Wednesday, December 13, 2006

Reading as a Writer

Bob Dylan, in Chronicles, commenting on how he learned from Robert Johnson:

I listened to it repeatedly, cut after cut, one song after another, sitting staring at the record player. Whenever I did, it felt like a ghost had come into the room, a fearsome apparition. The songs were layered with a startling economy of lines... I started meditating on the construction of the verses, seeing how different they were from Woody's. Johnson's words made my nerves quiver like piano wires. They were so elemental in meaning and feeling and gave you so much of the inside picture. It's not that you could sort out every moment carefully, because you can't. There are too many missing terms and too much dual existence. Johnson bypasses tedious decriptions that other blues writers would have written whole songs about. There's no guarantee that any of his lines either happened, were said, or even imagined.
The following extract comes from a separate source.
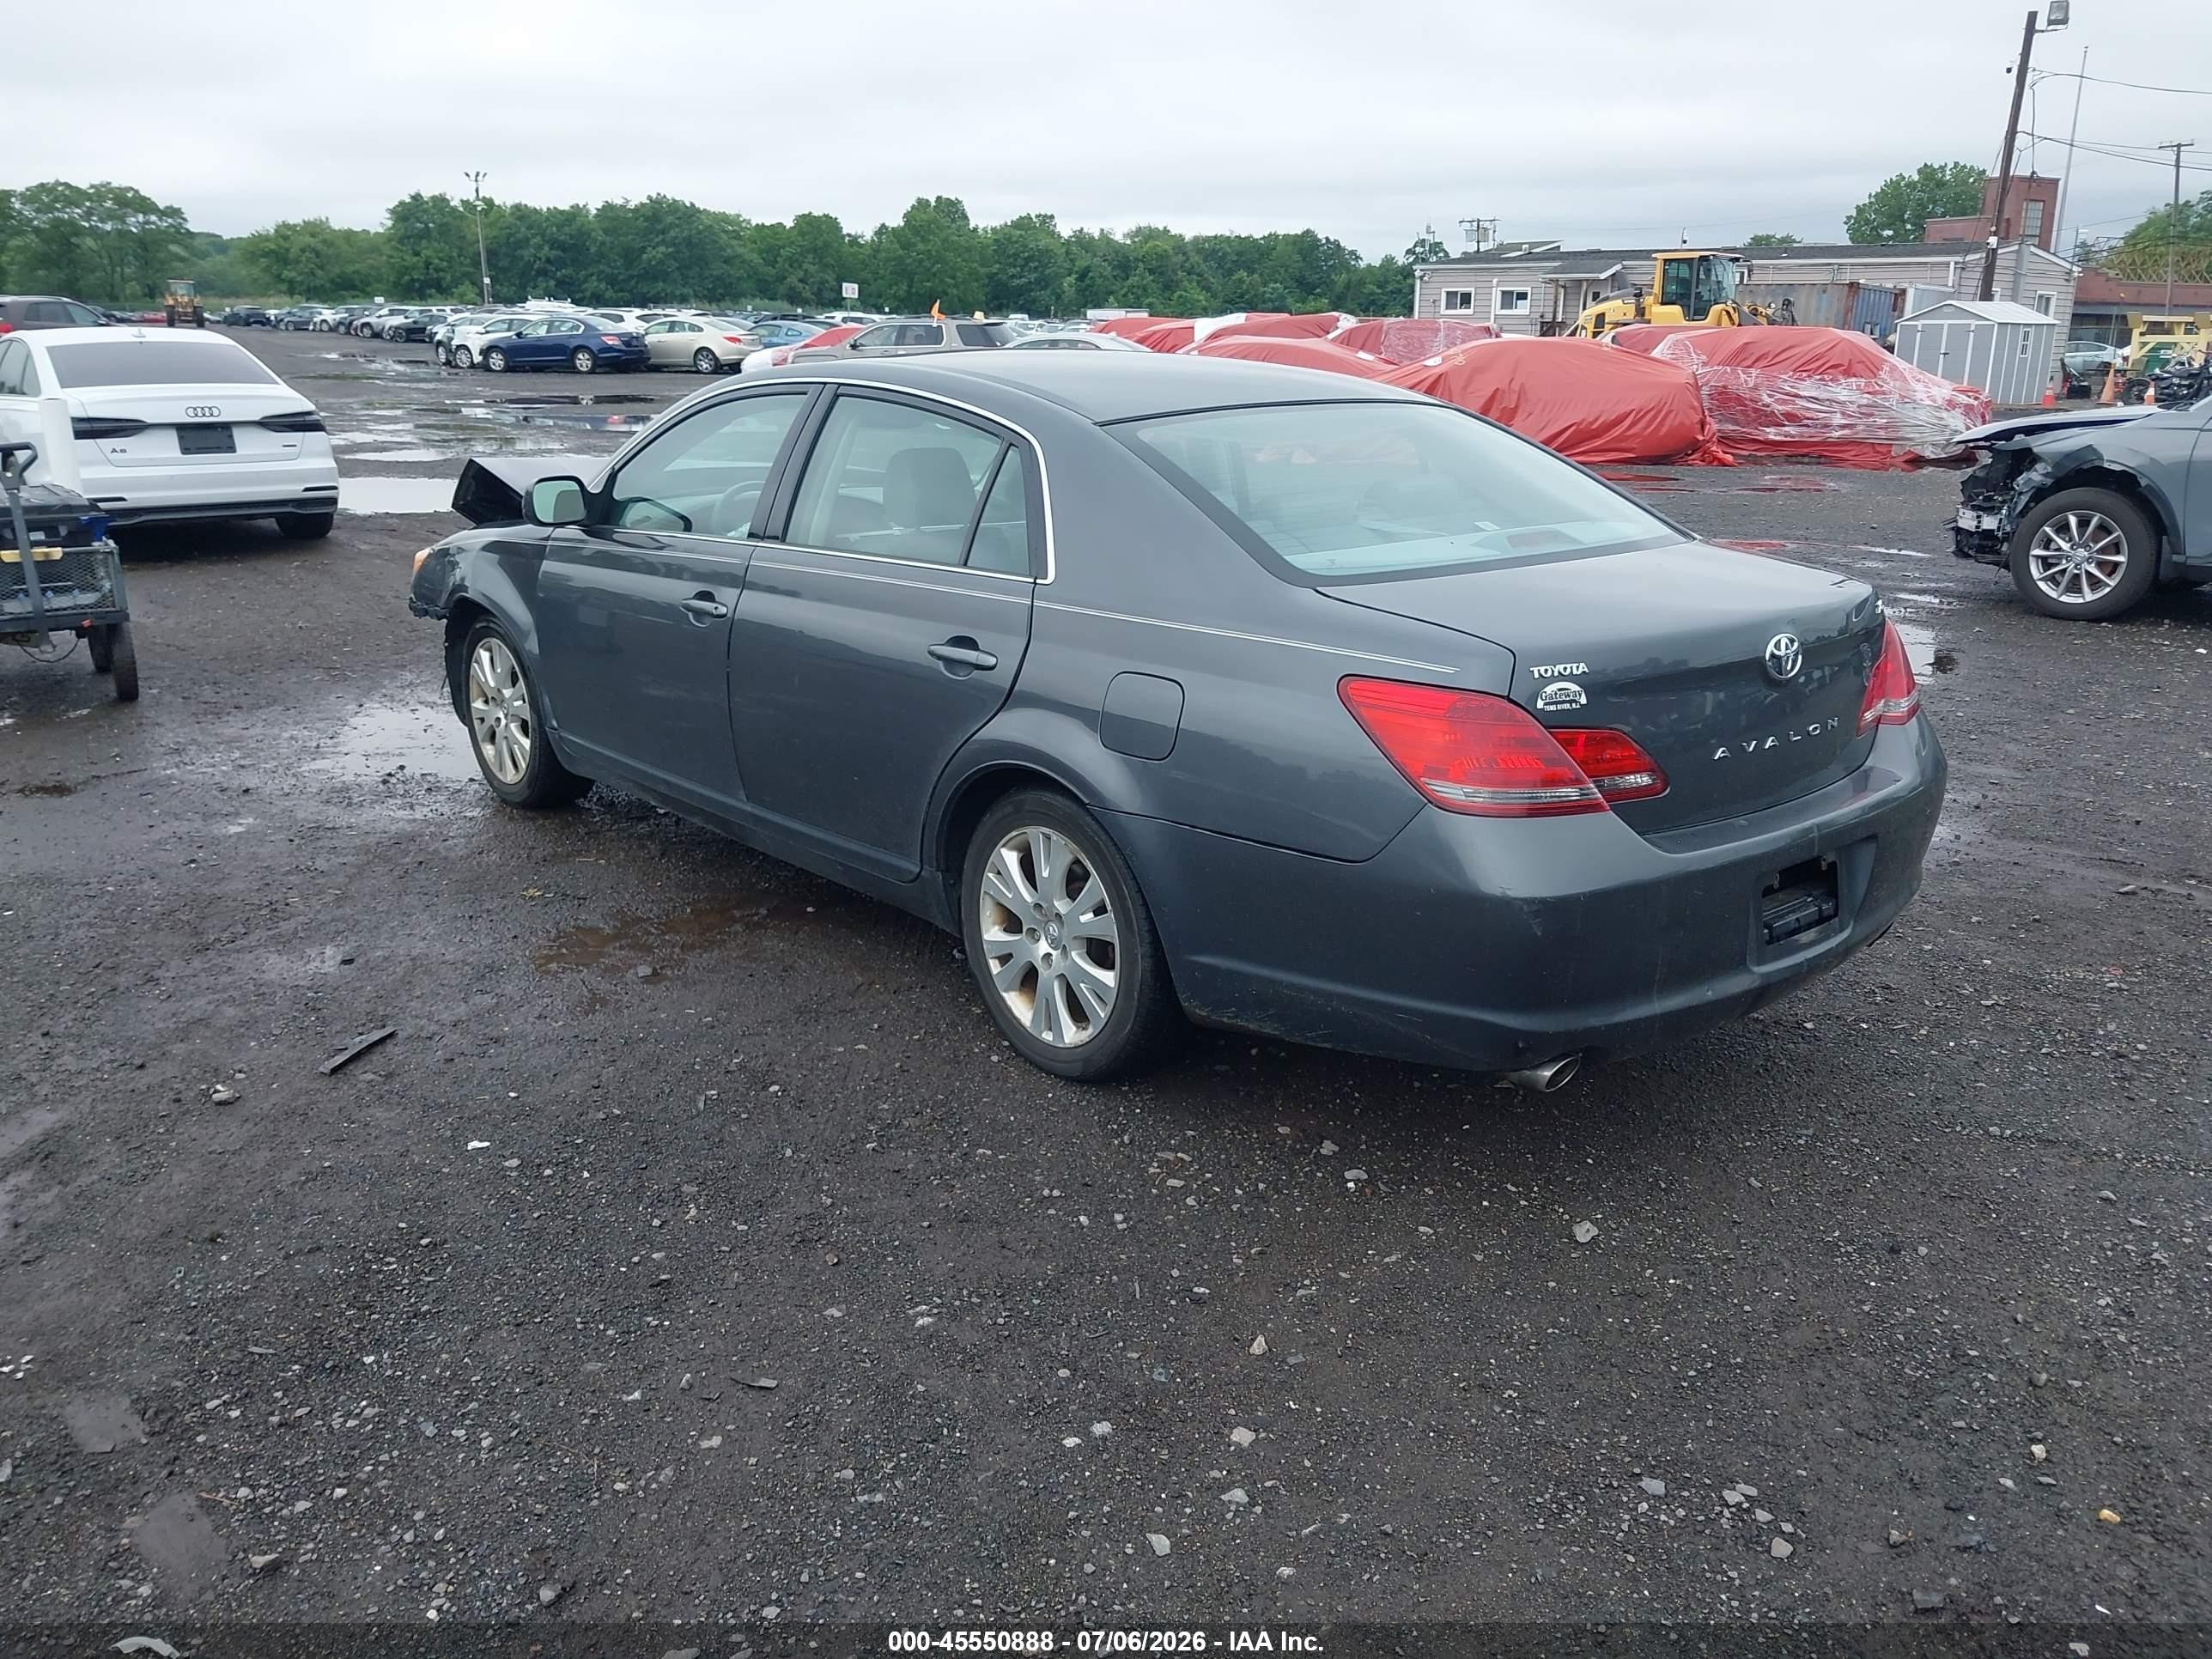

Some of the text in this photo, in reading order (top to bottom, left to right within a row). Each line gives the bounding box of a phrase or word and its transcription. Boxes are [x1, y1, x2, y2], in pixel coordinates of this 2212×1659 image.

[1529, 662, 1589, 679] TOYOTA
[1540, 690, 1583, 702] Gateway
[1712, 717, 1839, 761] AVALON
When he sings about icicles hanging on a tree it gives me the chills, or about milk turning made me nauseous and I wondered how he did that...I copied Johnson's words down on scraps of paper so I could examine more closely the lyrics and patterns, the construction of his old-style lines and free association that he used, the sparkling allegories, big-ass truths wrapped in the hard shell of nonsensical abstraction—themes that flew through the air with the greatest of ease. I didn't have any of those dreams or thoughts but I was going to acquire them.